Both Republicans and Democrats have been at fault. Conservative economic Republicans have always supported free market globalization because it allows corporations to pit nations against each other in offering lower taxes, less or no worker protections, lower wages, fewer environmental regulations, and bigger monetary incentives. Result: increased corporate profits and lower wages.

Liberal Democrats have traditionally opposed unregulated free market trade that allows corporations to pit workers against each other. However, many middle- and upper-income liberals forgot how we got out of the Great Depression, and have become much more conservative. In 1947 Liberal Democrats opposed the Taft-Hartley Act because it allowed corporations to pit states against each other by allowing them to pass “right-to-work” legislation that kept unions out.

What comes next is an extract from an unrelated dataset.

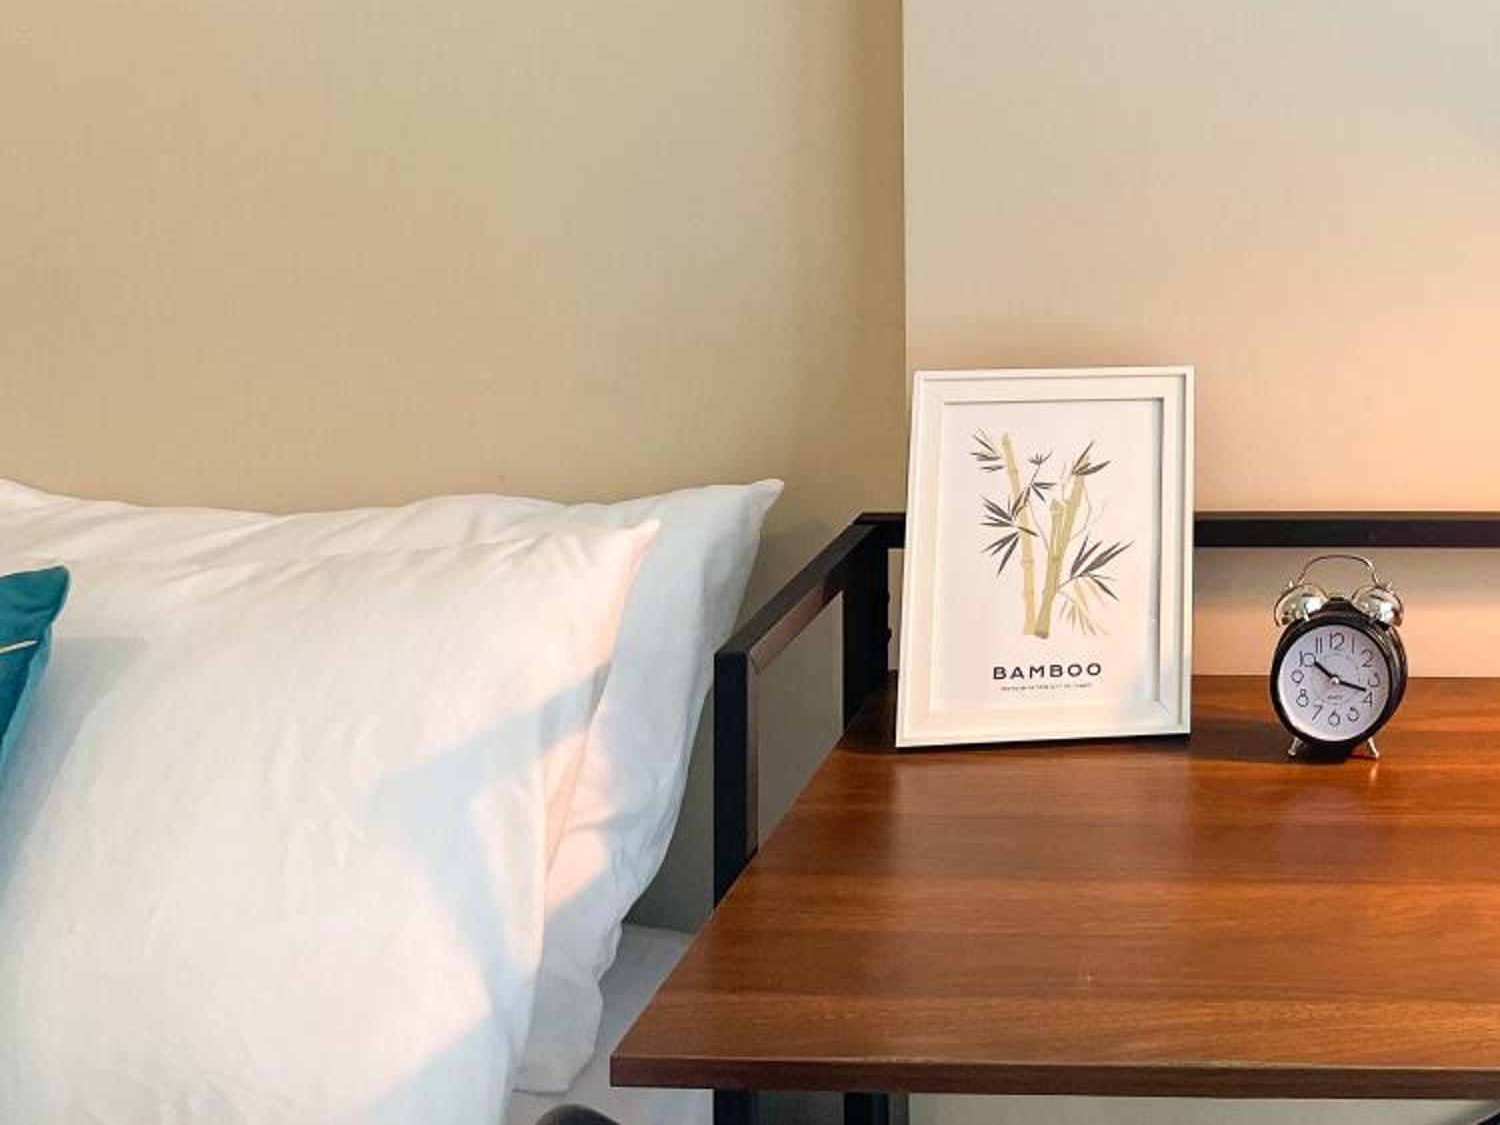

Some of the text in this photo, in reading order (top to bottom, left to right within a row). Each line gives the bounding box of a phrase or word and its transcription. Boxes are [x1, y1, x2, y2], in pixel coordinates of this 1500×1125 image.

However, Republicans were able to con enough Democrats into believing that everyone would benefit from the lower wages, lower consumer prices and higher corporate profits that anti-union policies would bring about (among other anti-worker policies, too detailed to describe here), and these conservative Democrats, along with the unified Republicans, got it passed over President Truman’s veto.

The increasing conservatism of the U.S. reached a watershed level when President Clinton, with conservative Democrat and Republican support, passed NAFTA in 1993. Sure enough, the prediction of H. Ross Perot in a 1992 presidential debate became true: “There will be a giant sucking sound going south...when [Mexico’s] jobs come up from a dollar an hour to six dollars an hour, and ours go down to six dollars an hour, and then it’s leveled again. But in the meantime, you’ve wrecked the country with these kinds of deals.”

Today, Republicans generally refuse to acknowledge the disastrous effects of unregulated free market trade on working-class Americans. Democrats refuse to admit that Clinton and conservative Democrats made a gigantic mistake when they joined a unified Republican Party to pass NAFTA. Economic conservatives in both parties, (including usually-liberal Obama) now want to expand globalization via the Trans Pacific Partnership, which gives corporations still more power to control the world’s so-called “free markets” in their favor.

Although increased immigration has a much smaller effect on wages, it’s still important to those workers who suffer the consequences. Economic conservatives have supported immigration because it has a depressing effect on wages and enhances corporate profits. Social liberals have supported it because they want to aid those fleeing violence, lack of opportunities and corrupt governments.

Both have failed to appreciate the long term bad effects of stagnant wages and an increasingly unemployed and disruptive workforce. In addition, when the U.S. accepts immigrants from oppressive governments, it serves as a safety valve for them, and relieves them of the results of their own bad policies. In no way does it encourage them to correct those policies. As a result, there’s a continuous flow of new immigrants, and endless negative pressures on our own citizens who already can’t find decent paying jobs.

This doesn’t mean that all immigration is bad. If we allow it to increase, however, we must also compensate those who suffer its consequences, and make sure we’re not helping employers get away with uncivilized labor practices by hiring desperate, disadvantaged, and sometimes illegal workers.

To the relief of many voters, we finally have two candidates for president who are willing to admit to voters what they already know. America’s economic elite have been paying politicians to enact policies that keep wages low and corporate profits high. Donald Trump proclaims that he is a classic example of how the system has become corrupt, and that he is the most knowledgeable critic of it.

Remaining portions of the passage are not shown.